While we wait for the vaccine, we should be aware that a recent research paper/model calculated that 59% of COVID-19 cases are spread by people with no symptoms. Part of these cases are spread by people before they develop symptoms and part are spread by people that are asymptomatic.


By now you are aware that the vaccination in the USA has been slower than expected. How slow? At the end of 2020, a little more than 2.6 million people had been vaccinated, far short than the 20 million people that the current administration had predicted. In the first week of January, 500,00 people were vaccinated, but experts have pointed out that to finish vaccinating the country by the summer of 2021, the goal of the CDC (Center for Diseases Control and Prevention), the USA would have to vaccinate around 2 million people a day.

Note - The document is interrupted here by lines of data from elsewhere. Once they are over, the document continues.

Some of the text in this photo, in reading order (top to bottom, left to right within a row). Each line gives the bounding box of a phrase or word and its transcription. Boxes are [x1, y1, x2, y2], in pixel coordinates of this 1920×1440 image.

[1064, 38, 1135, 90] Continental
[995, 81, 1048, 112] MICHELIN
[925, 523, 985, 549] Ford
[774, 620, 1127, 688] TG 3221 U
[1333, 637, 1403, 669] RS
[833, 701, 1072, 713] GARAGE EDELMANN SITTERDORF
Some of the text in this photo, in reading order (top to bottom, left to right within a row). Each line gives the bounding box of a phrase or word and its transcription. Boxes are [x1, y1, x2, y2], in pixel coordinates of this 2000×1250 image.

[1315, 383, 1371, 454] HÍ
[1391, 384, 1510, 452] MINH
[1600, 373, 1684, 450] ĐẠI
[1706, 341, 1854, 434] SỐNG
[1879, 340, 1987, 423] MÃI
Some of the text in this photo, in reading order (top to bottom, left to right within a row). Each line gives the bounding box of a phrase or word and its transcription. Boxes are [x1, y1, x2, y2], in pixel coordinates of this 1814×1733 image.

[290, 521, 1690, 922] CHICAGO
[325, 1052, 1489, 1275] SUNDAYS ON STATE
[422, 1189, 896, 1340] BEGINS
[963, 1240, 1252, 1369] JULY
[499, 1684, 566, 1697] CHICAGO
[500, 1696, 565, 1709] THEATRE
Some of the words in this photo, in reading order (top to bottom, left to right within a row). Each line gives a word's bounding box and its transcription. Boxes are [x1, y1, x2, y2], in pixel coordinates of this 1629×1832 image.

There is a lag between vaccine doses distributed and shots administered. As of January 7, even though 21,419,800 doses were distributed in the USA, only 5,919,418 shots had been administered. In Michigan, 662,450 doses were distributed and 137,887 shots were administered.

Why is vaccination so slow? There are several factors contributing to the problem, but most of them can be filed under organization. All of the vaccination organization, as with the pandemic responsibilities, has been delegated to the states. Michigan is responsible to figure out which clinics and hospitals will receive the vaccine, how many vaccines each place will receive, and so on. The states haven’t received funds yet to pay for all this organization and coordination, and given that the pandemic has already depleted state funds, it is not hard to understand that their work is lagging behind. Each hospital or clinic receiving the vaccines are also having problem organizing vaccination. There has been several cases of site glitches, websites overwhelmed by traffic, ineligible people scheduling appointments, and so on.

As you know, the CDC has designed a vaccination guide divided by phases. Health- care workers and nursing home patients, for example, are easy to find, since their names can be found through the institutions they work and live in and which will probably be the ones administering the shots. But essential workers like police officers, first responders, jail workers or teachers are more complicated for a clinic or a hospital to get in contact with. They will need to coordinate with other institutions and they might need to verify eligibility.

Some states have already opened vaccination to persons 65 and older. Florida, one of those states that has made people over 65 eligible for the vaccine, has seen clinics overwhelmed with long lines of people waiting for hours.

Starting on January 11, Michigan will make people over 65 eligible for the vaccine. You can find more information in the Michigan Government website  (,5885,7-339–548999–,00.html ) or by calling your health provider. Be aware that not all health clinics and doctor’s offices are receiving the vaccine and if they have received the vaccine, there is only a certain amount of shots available per day. Be sure to make an appointment before heading out to see your health provider.


The vaccine is not an immediate defense against the virus. The vaccine works with your body to teach your cells to recognize and create anti-bodies. It takes around two weeks for your body to go through this process. And, remember, only after the second dose will your body be able to build up complete immunity against the virus. It means that until your body builds up immunity, you still can catch the disease.

There have been several cases reported of people that caught the disease after receiving the first dose of the vaccine. One of these cases is of US Rep. Kay Granger (R-TX) who tested positive the day after being sworn in at the US House, even though she had received the first dose of the vaccine in December.

Another reason to continue to wear the mask, is that research on the vaccine was focused on finding out if the vaccine worked with the patient that received the shot. Research was not done to see if the people who received the vaccine can still transmit the disease to those who did not receive the vaccine. Therefore, until 70% of the population have been vaccinated, and we have achieved herd immunity, we will still have to wear the mask.